Tom listened only to the echoes coming back and bouncing away again, until he put his hand on the brass rail of the stairway and took the first step. Then he stopped, as he had planned. “There is a way to keep this story private.”
“You have no story. You’ve made this up.”
“See what people say when the painting is exhibited.” Tom decided to go and leave Bigelow standing there, his great day spoiled before it began.
“Wait!” Bigelow grabbed Tom’s elbow, but Tom pushed him away.
The staircase had been built with extra-deep treads and shallow risers to create a magisterial slope… and very unfamiliar footing.

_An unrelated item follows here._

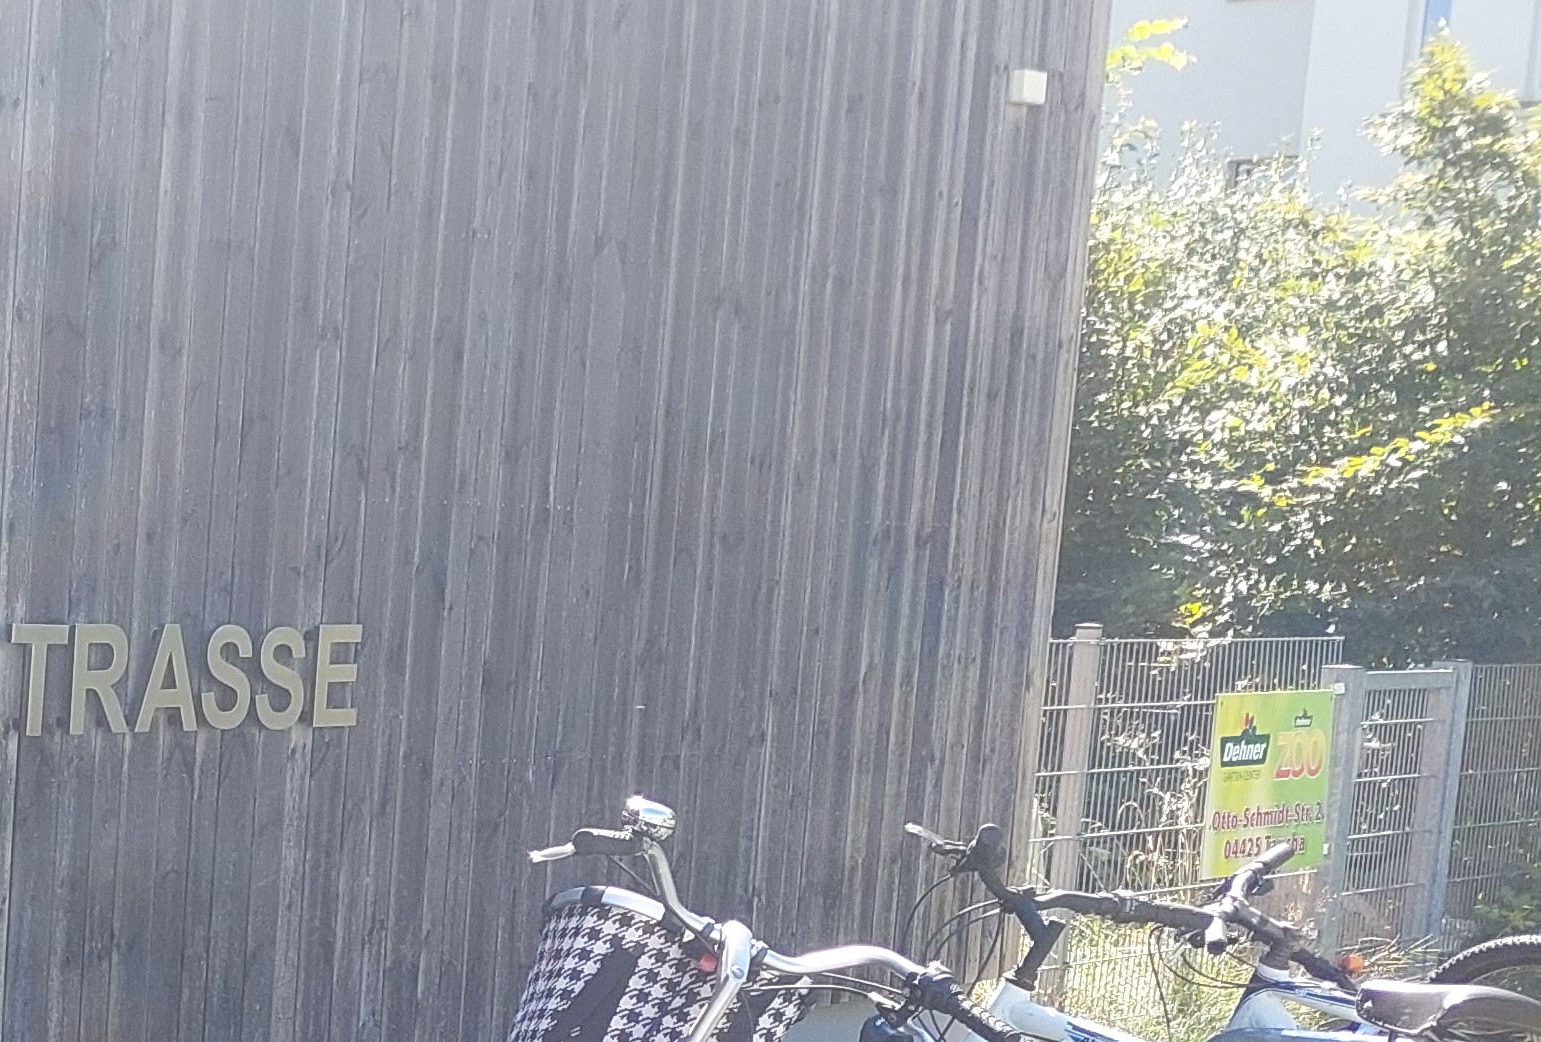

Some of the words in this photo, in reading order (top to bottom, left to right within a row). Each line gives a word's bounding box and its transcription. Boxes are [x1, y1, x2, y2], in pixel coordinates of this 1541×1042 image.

Tom led with his bad foot and missed the step. His ankle turned. The poorly knit
bones snapped. He grappled with Bigelow for a handhold, but it seemed as if Bigelow was helping him to fall.
He cried out as he tumbled. He heard the echo of his own cry. Then he heard a thump, like a melon striking a sidewalk—the back of his head hitting the nosing of a step. Then… nothing, for months….
… Golden shafts of afternoon light came through the windows of the Billingsgate house. They settled, as always, upon the side of the brick chimney. It was summer 1898.
Tom studied the shaft of light, for he loved the light. It was hard and simple and told the truth.
But now the light began to move. Not slowly, as light should move on a summer afternoon, but like a lighthouse beam passing through one window and then the next. His own shadow fled across the wall, reached the corner, bent strangely, and disappeared.
He raised his hands to his temples to try to stop the spinning in his head. He looked out the window to take his eyes off things that seemed to be spinning with him. He saw, as always, the familiar sand of Billingsgate, the fringe of dune grass, the blue sky. But then the window moved away from the sand and he saw… water? Water. Wellfleet Harbor, swinging into view.
His ears were pierced by a shattering whistle. The window swung farther, and he saw the little steam lighter. Its cable snapped taut. His house began to move.
Now a face came toward him. It was Elwood who had brought him here, to sit in his favorite room for a final time. Elwood was saying something about floating the house off the island before the sea took it. Tom watched the light, still moving….
At Campground Landing in Eastham, a farmer with an ox team slipped the raft onto rollers and dragged the house away. The Hilyards had no use for it. Zachary and his family lived in the solid house Sam Hilyard had built; Elwood and his wife had taken Tom to live with them in the family quarters of the new Hilyard House Hotel.